UT: Authorities Head Off Backlash Against Bosnians


UT: AUTHORITIES TRY TO HEAD OFF ANY BACKLASH AGAINST BOSNIANS

The mayor and police chief sought to head off any potential backlash against Bosnian immigrants Thursday, three days after a Bosnian teenager shot five people to death in a crowded shopping mall and then died in a shootout with police.

Mayor Rocky Anderson blasted vitriolic Internet postings and e-mails sent to newspapers that suggested the shooter was an Islamic terrorist, calling such criticism from "fact-free people" unjustified and outrageous.

Sulejman Talovic, 18, shot nine people, five fatally, at the Trolley Square mall Monday before he was stopped by police. He and his family emigrated to Utah as war refugees in 1998.

Investigators have not determined a motive but have no reason to believe Talovic was driven by religious extremism, Police Chief Chris Burbank said.

Several thousand people from the Balkans have settled in the Salt Lake City area, many of them after fleeing ethnic violence in their homeland.

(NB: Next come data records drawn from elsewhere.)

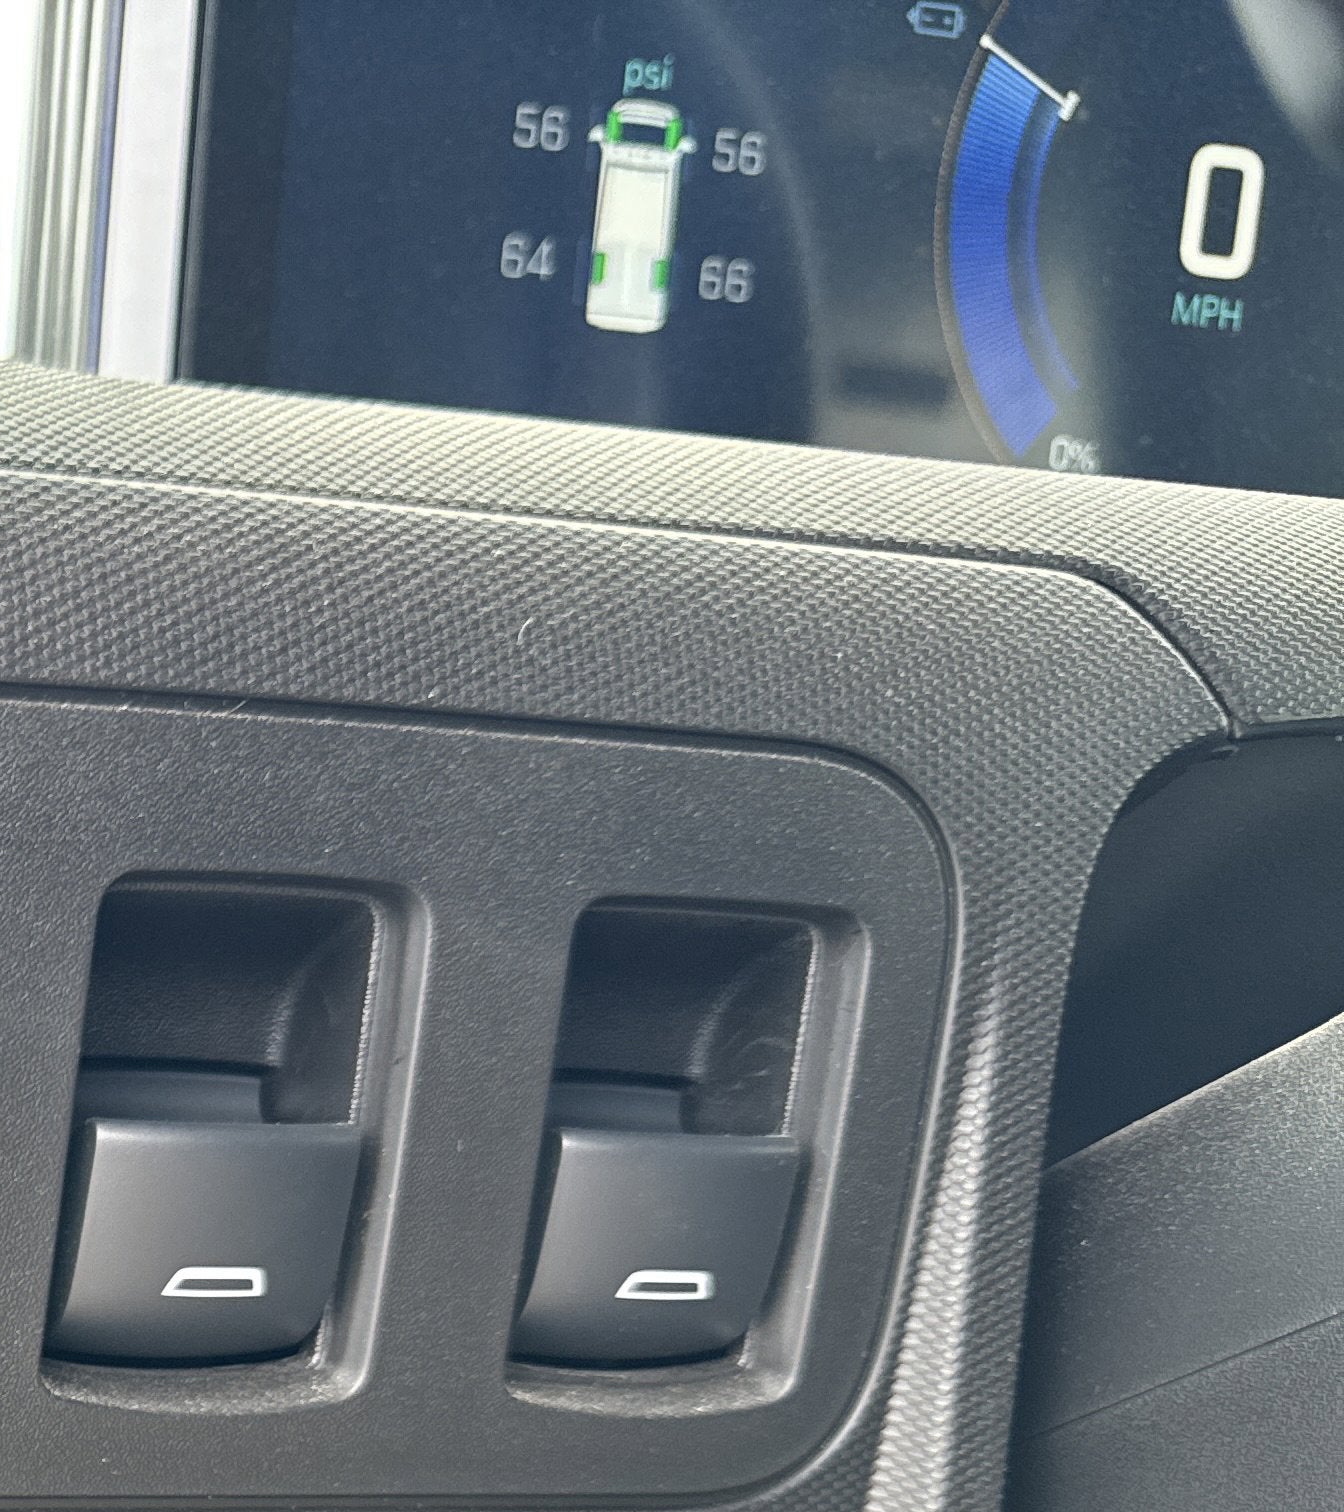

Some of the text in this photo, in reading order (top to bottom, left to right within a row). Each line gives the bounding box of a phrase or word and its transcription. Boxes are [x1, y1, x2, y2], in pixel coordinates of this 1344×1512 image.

[622, 53, 675, 96] psi
[512, 101, 570, 151] 56
[712, 127, 767, 176] 56
[1179, 142, 1265, 280] 0
[500, 232, 557, 281] 64
[698, 255, 756, 303] 66
[1171, 291, 1245, 332] MPH
[1048, 434, 1102, 473] 0%
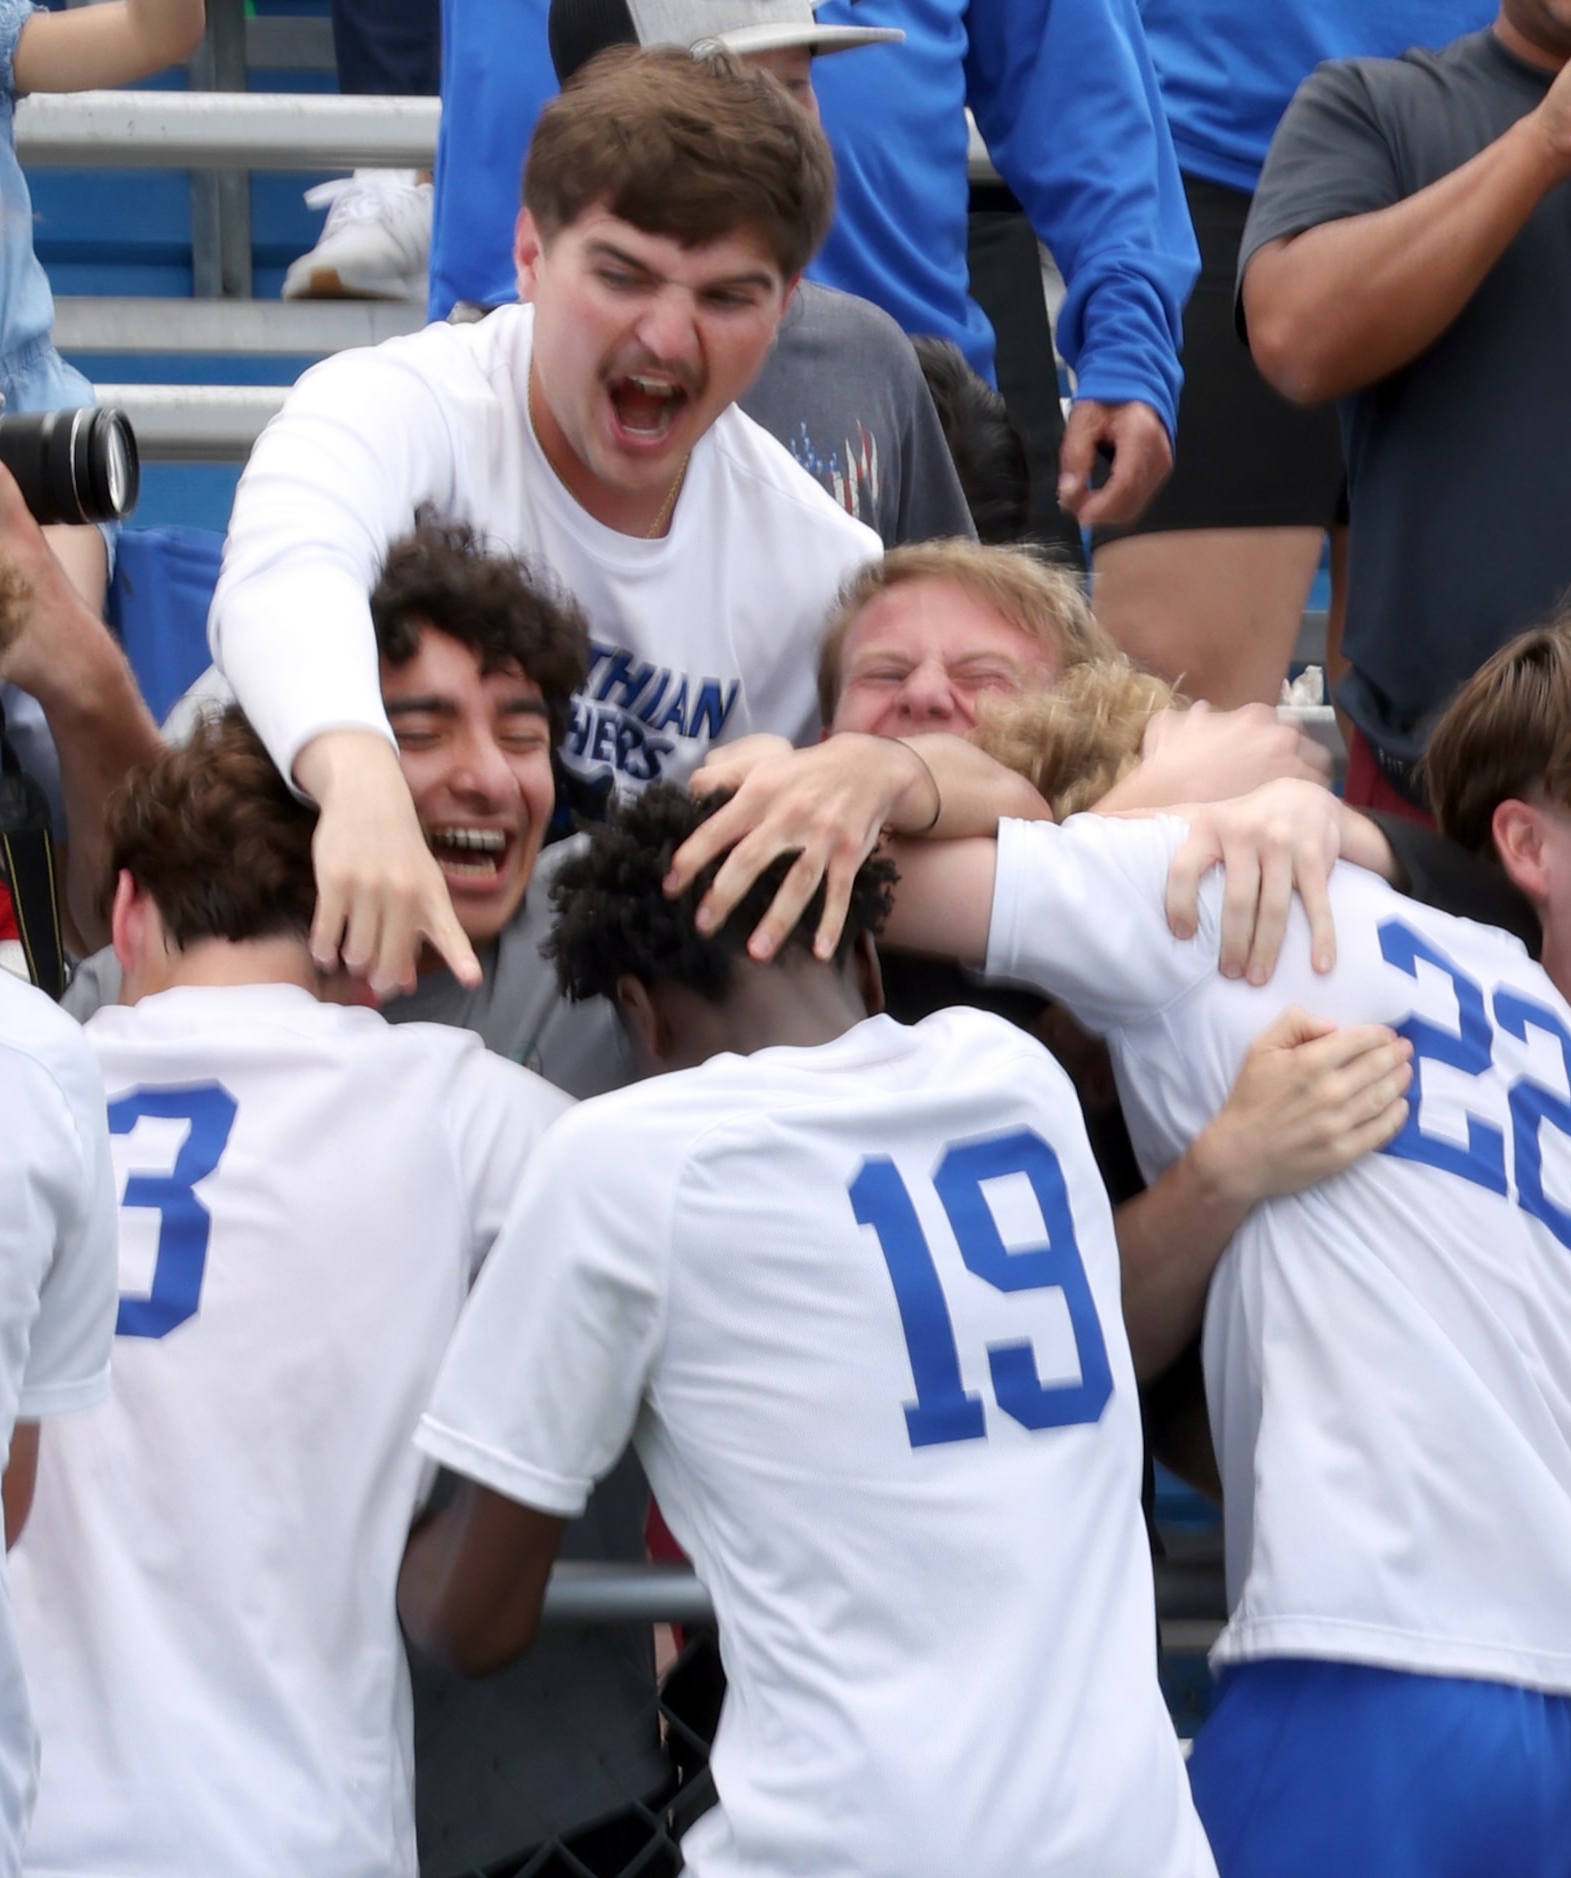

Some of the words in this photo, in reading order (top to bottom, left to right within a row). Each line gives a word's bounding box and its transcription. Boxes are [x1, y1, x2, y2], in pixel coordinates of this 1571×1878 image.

[569, 698, 677, 780] HERS
[587, 640, 740, 740] THIAN
[845, 1123, 1116, 1450] 19

The mayor and police chief assured dozens of Bosnian immigrants that authorities would not stand for any threats against their community.

Bosnia's ambassador to the United States, Bisera Turkovic, met with local leaders and said her country was shocked by the teenager's actions.

"Something bad like this was my main reason for coming," Turkovic said during a two-day visit from Washington. D.C., that included a stop at a Bosnian restaurant.

"We owe this country much for our freedom, our prosperity," she said. "So for this to happen to people who are welcoming to us is shocking."